At 10 feet, you could move up to a 50" and still be sitting so far a way as to not see the difference between 720 and 1080, so if that will be your seating distance for the foreseeable future, I'd get a 720 and save money.

In short, in your case, resolutions don't matter.

As far as specs, refresh rate is a non-starter. 60 hz or better is all the same unless you like the over processed look of 120 interpolated frames, or spend real money to get a 120 set that will do 5:5 pulldown with p24 material.

Contrast ratio has also become something of a marketing gimmick in that there is no one way to measure it. What you could assume is that, from the same manufacturer, a higher contrast ratio will mean darker blacks.

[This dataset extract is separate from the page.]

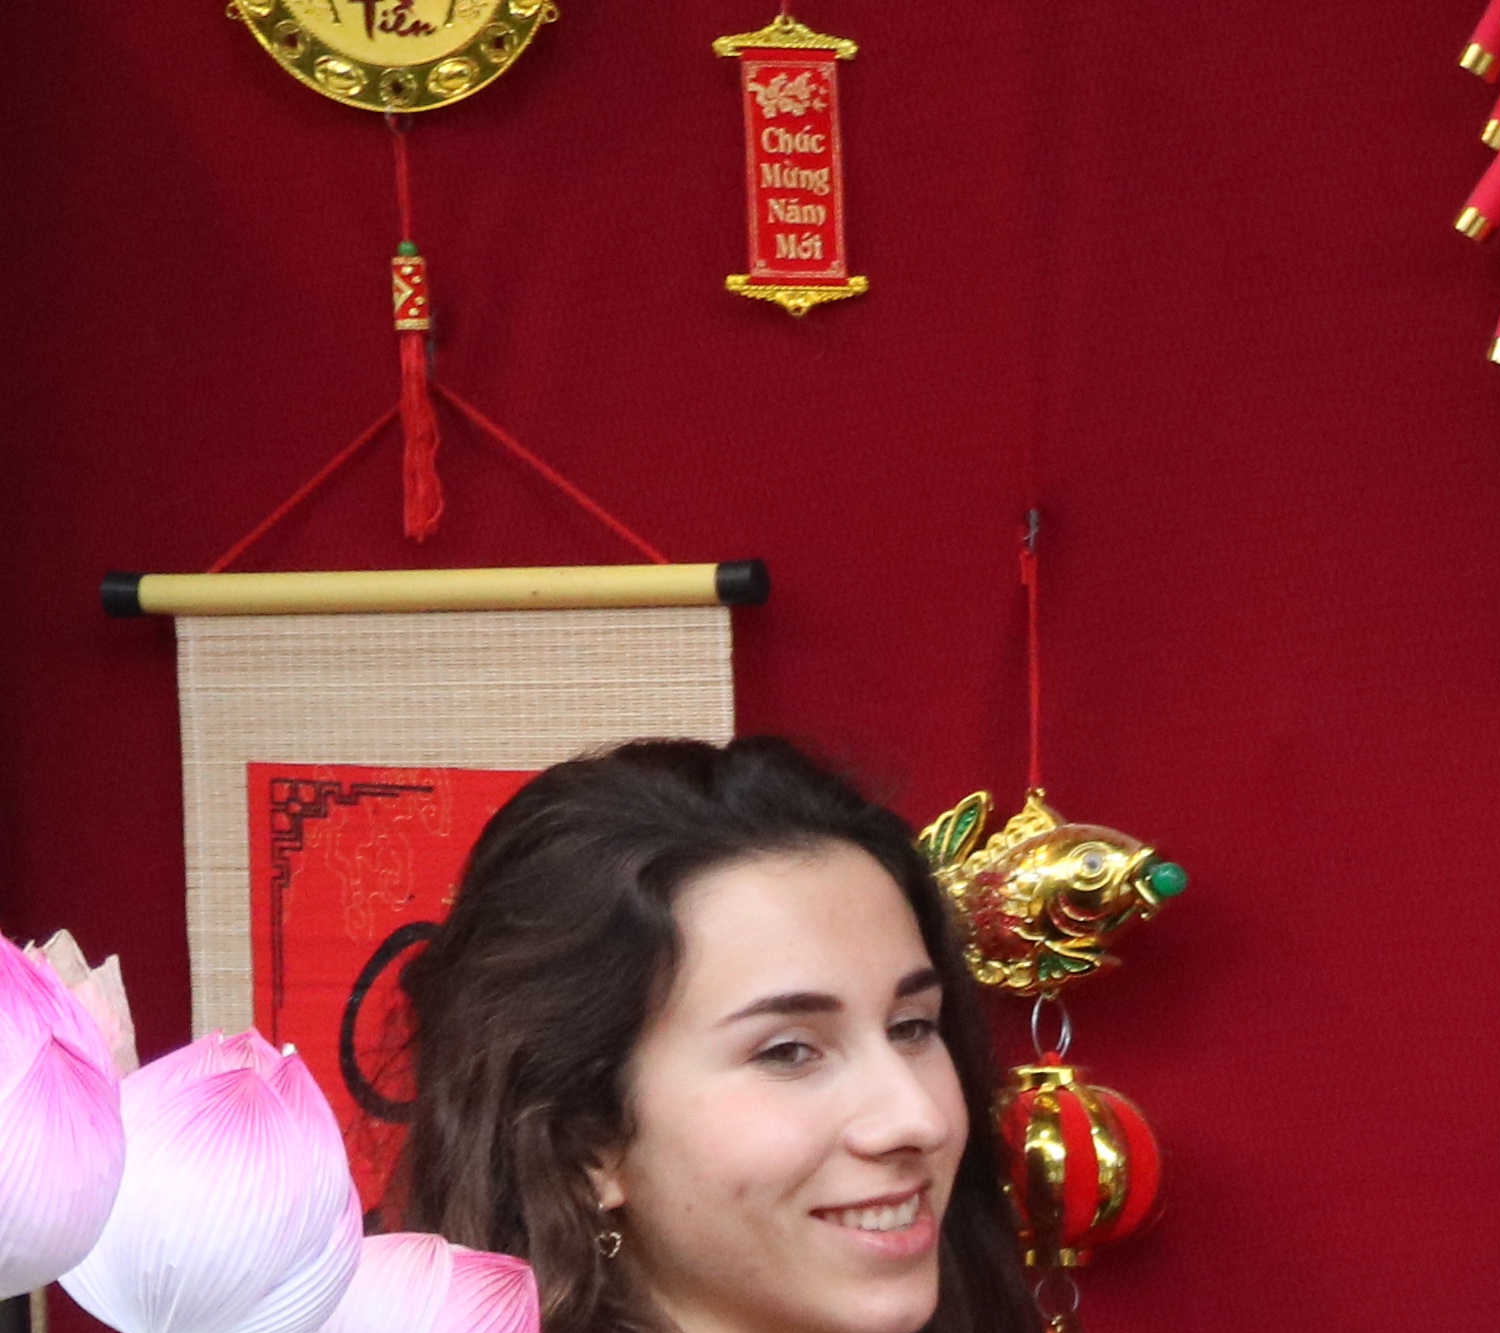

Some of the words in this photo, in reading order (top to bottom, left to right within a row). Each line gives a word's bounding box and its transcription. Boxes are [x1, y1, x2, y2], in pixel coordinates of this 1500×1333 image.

As far as finding a set without speakers, very few are manufactured. I'd say you'll have to let that one go.

With burn in, is your concern that you will be playing lots of video games? If not, I would not worry about burn in for video content. Those scenarios should not pose much of a threat.

Compared to mass market sets from as recent as 3 years ago, I think even the lowest tier sets, properly calibrated, perform quite admirable. For a 40" LCD, I'd say the cheapest you could find a house brand for would be in the $500 range. For the extra $300, I'd try to get a bigger set rather than a better performing smaller set. I think the wow factor of more inches will be much greater than deeper blacks or smoother motion. Those things are certainly important, but I don't feel will add as much to your experience as the size.

If you want to consider plasma, you should be able to get 50" 720p for $800.


----------



## eugovector (Sep 4, 2006)

At 10 feet, you could move up to a 50" and still be sitting so far a way as to not see the difference between 720 and 1080, so if that will be your seating distance for the foreseeable future, I'd get a 720 and save money.

In short, in your case, resolutions don't matter.

As far as specs, refresh rate is a non-starter. 60 hz or better is all the same unless you like the over processed look of 120 interpolated frames, or spend real money to get a 120 set that will do 5:5 pulldown with p24 material.

Contrast ratio has also become something of a marketing gimmick in that there is no one way to measure it. What you could assume is that, from the same manufacturer, a higher contrast ratio will mean darker blacks.

As far as finding a set without speakers, very few are manufactured. I'd say you'll have to let that one go.

With burn in, is your concern that you will be playing lots of video games? If not, I would not worry about burn in for video content. Those scenarios should not pose much of a threat.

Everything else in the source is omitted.